→ **Assignment**:
Exact wording is required: transcribe all the entries and leave the images out.

___ Source records ___

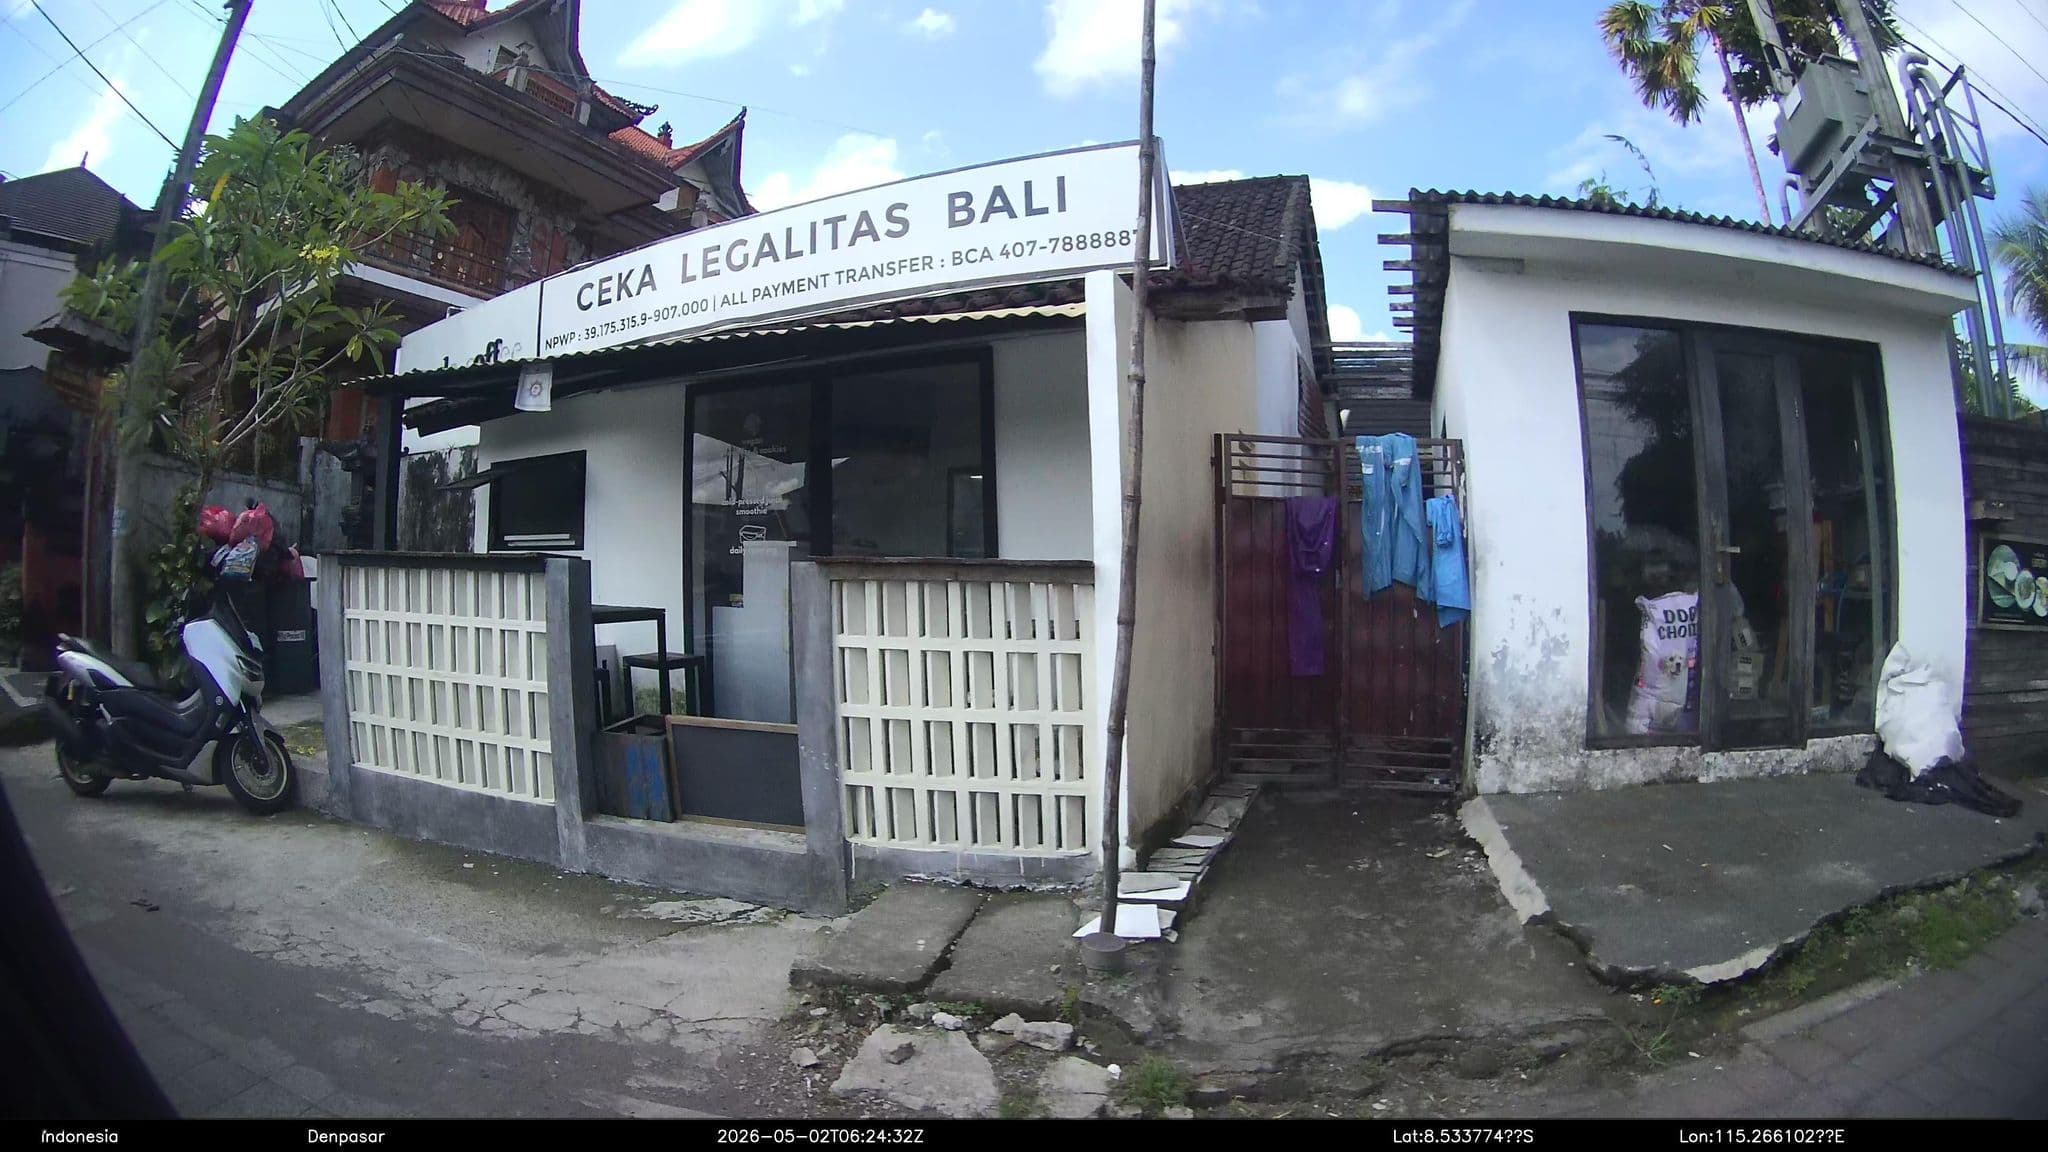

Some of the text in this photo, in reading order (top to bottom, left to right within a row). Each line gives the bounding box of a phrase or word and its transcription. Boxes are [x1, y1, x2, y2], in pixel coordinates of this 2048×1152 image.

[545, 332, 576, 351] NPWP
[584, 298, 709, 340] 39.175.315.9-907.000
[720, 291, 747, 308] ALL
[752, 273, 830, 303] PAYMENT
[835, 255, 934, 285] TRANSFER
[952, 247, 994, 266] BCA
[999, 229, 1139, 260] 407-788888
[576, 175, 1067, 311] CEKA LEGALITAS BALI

___

→ **Problem solution**:
Some of the text in this photo, in reading order (top to bottom, left to right within a row). Each line gives the bounding box of a phrase or word and its transcription. Boxes are [x1, y1, x2, y2], in pixel coordinates of this 2048×1152 image.

[545, 332, 576, 351] NPWP
[584, 298, 709, 340] 39.175.315.9-907.000
[720, 291, 747, 308] ALL
[752, 273, 830, 303] PAYMENT
[835, 255, 934, 285] TRANSFER
[952, 247, 994, 266] BCA
[999, 229, 1139, 260] 407-788888
[576, 175, 1067, 311] CEKA LEGALITAS BALI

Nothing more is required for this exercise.